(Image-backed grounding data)
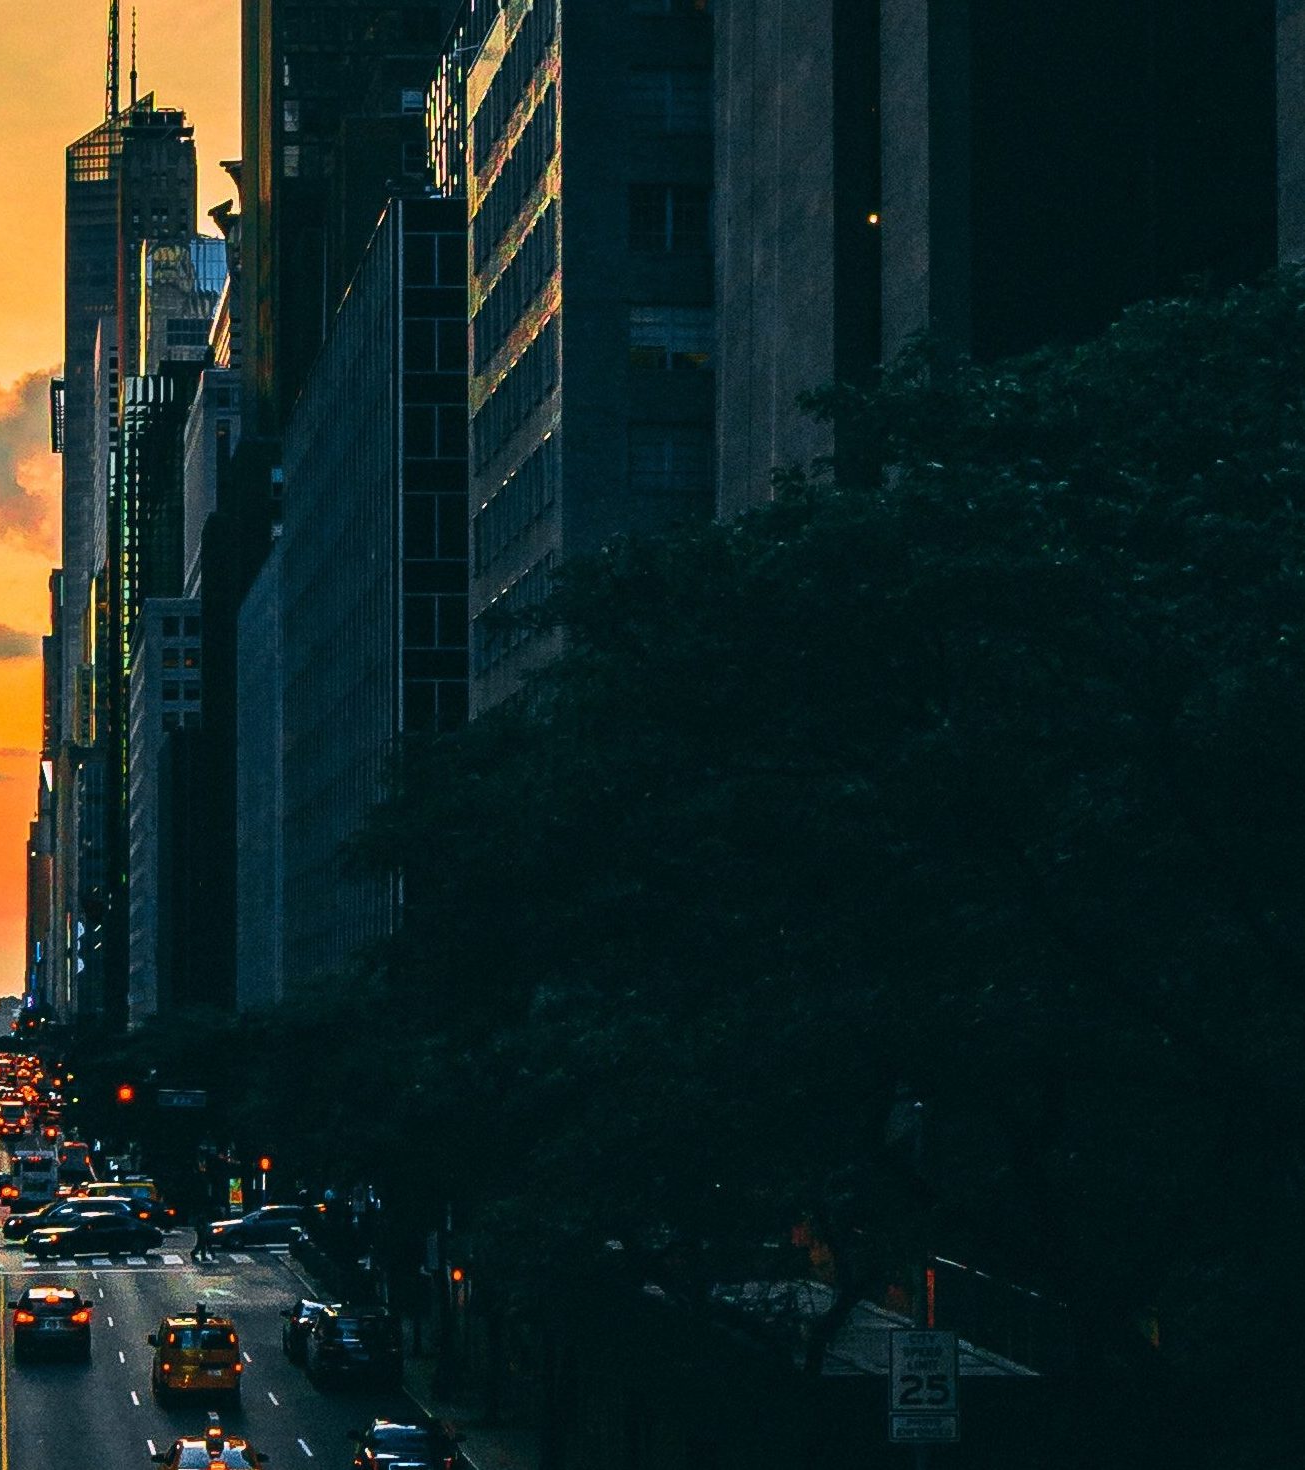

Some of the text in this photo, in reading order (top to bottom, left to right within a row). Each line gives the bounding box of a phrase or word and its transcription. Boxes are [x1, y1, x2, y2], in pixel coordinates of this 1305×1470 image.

[908, 1334, 937, 1344] CITY
[903, 1346, 942, 1357] SPEED
[907, 1360, 938, 1371] LIMIT
[899, 1374, 950, 1405] 25
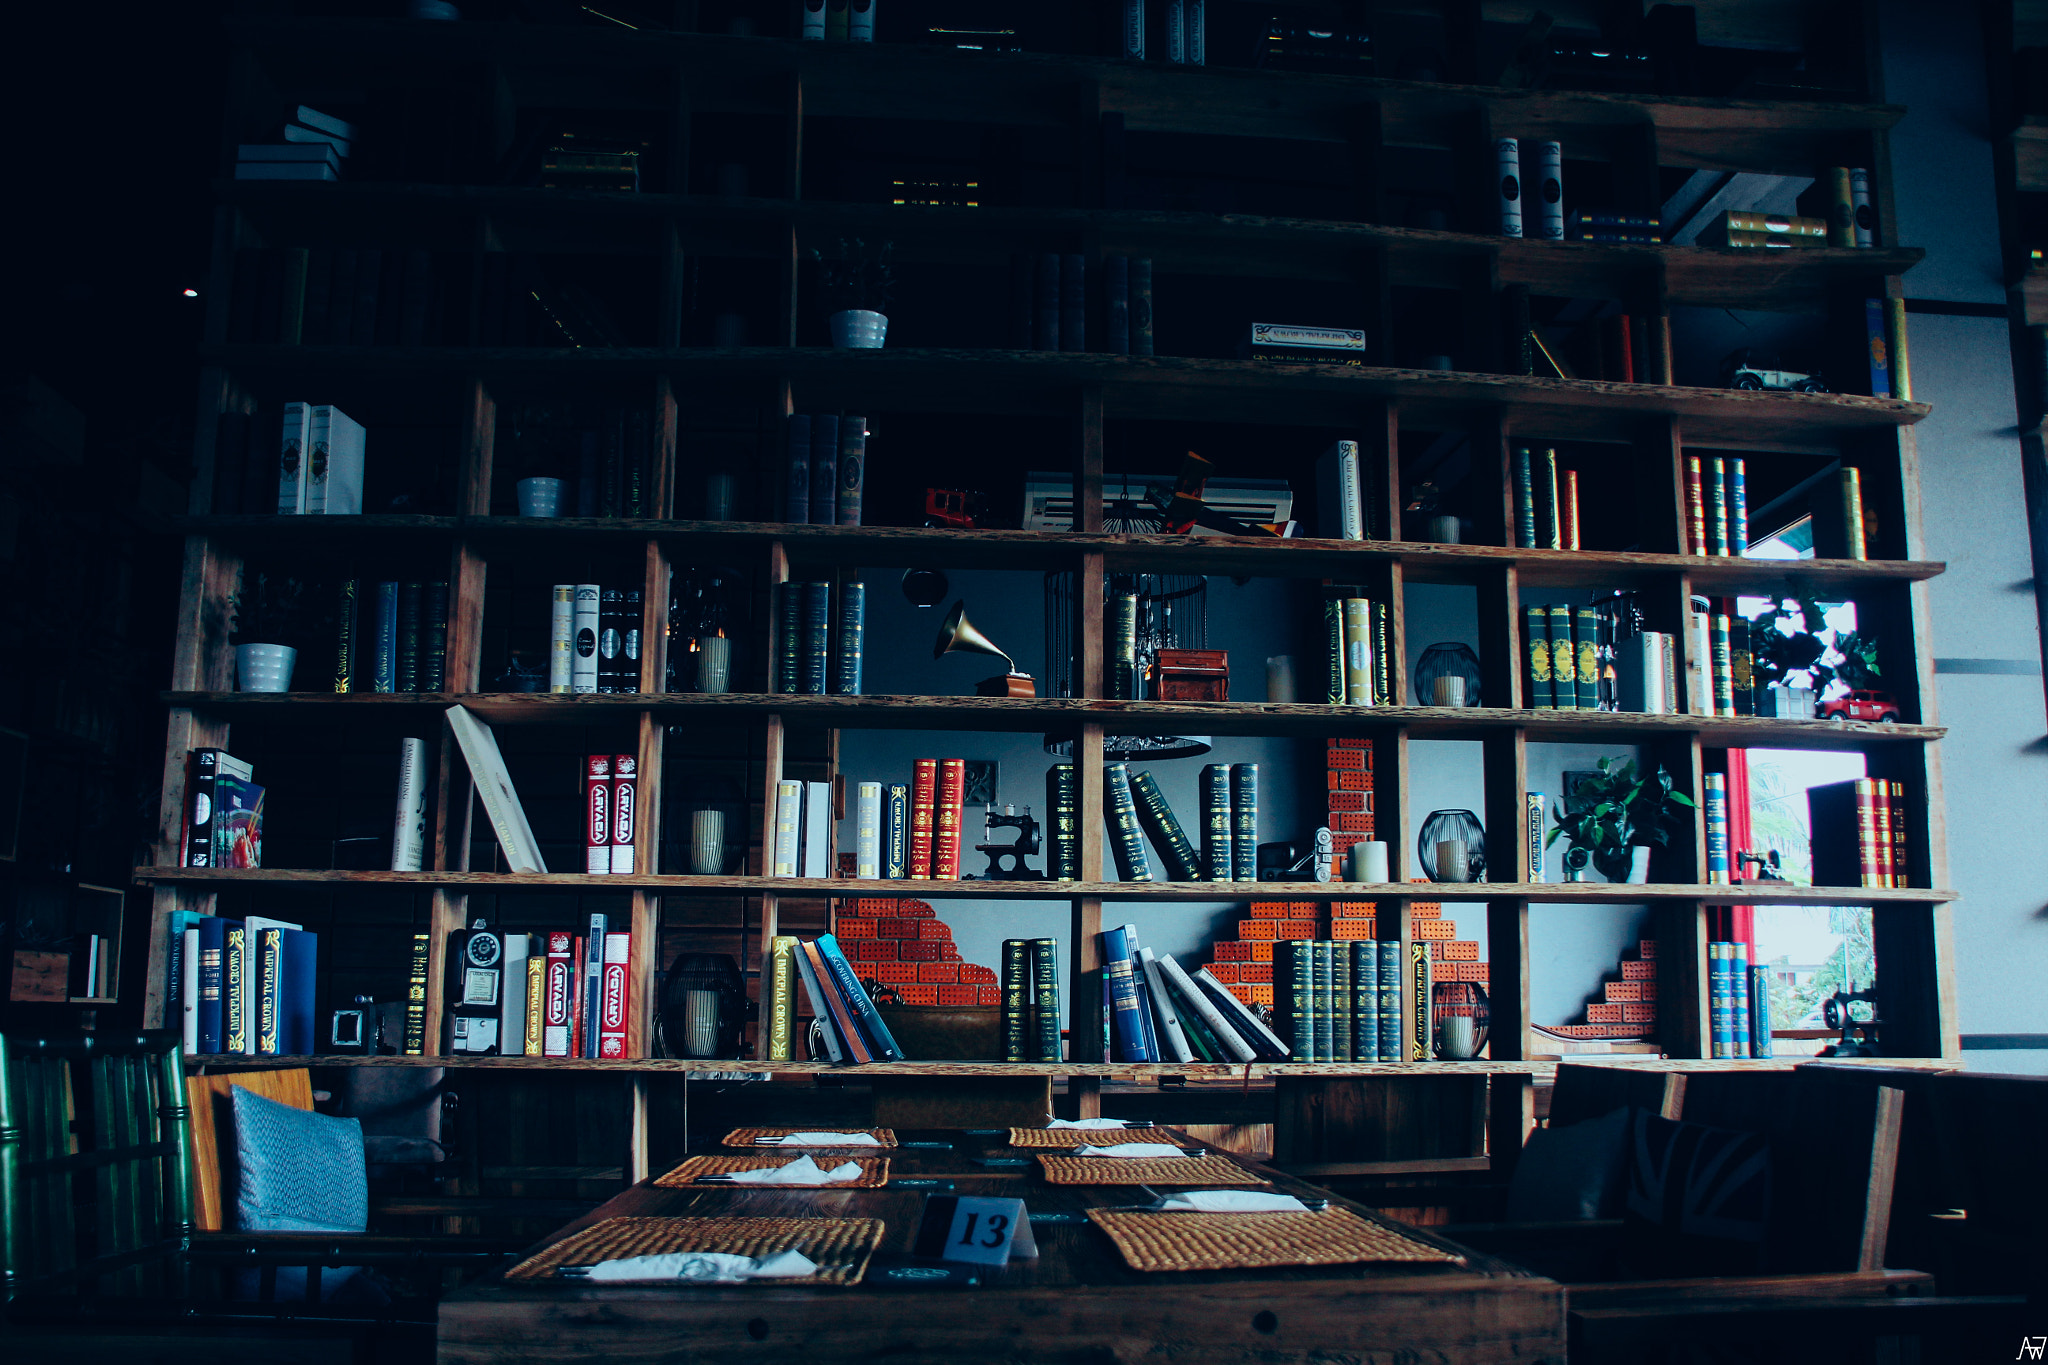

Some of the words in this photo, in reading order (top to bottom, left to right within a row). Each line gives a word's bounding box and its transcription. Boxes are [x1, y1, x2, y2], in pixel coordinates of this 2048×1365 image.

[594, 788, 604, 841] ARVADA
[618, 786, 629, 840] ARVADA
[229, 950, 240, 984] CROWN
[552, 965, 563, 1022] ARVADA
[609, 969, 620, 1024] ARVADA
[853, 993, 872, 1018] CHINA
[261, 997, 273, 1032] CROWN
[530, 1011, 539, 1039] CROWN
[775, 1005, 786, 1039] CROWN
[958, 1212, 1009, 1248] 13

◆ WHAT YOU SHOULD DO: Please, without any pictures, retype the records exactly as they appear.

◆ SOLUTION TO THIS TASK:
Some of the text in this photo, in reading order (top to bottom, left to right within a row). Each line gives the bounding box of a phrase or word and its transcription. Boxes are [x1, y1, x2, y2], in pixel coordinates of this 1305×1470 image.

[908, 1334, 937, 1344] CITY
[903, 1346, 942, 1357] SPEED
[907, 1360, 938, 1371] LIMIT
[899, 1374, 950, 1405] 25

Some of the words in this photo, in reading order (top to bottom, left to right within a row). Each line gives a word's bounding box and its transcription. Boxes are [x1, y1, x2, y2], in pixel coordinates of this 2048×1365 image.

[594, 788, 604, 841] ARVADA
[618, 786, 629, 840] ARVADA
[229, 950, 240, 984] CROWN
[552, 965, 563, 1022] ARVADA
[609, 969, 620, 1024] ARVADA
[853, 993, 872, 1018] CHINA
[261, 997, 273, 1032] CROWN
[530, 1011, 539, 1039] CROWN
[775, 1005, 786, 1039] CROWN
[958, 1212, 1009, 1248] 13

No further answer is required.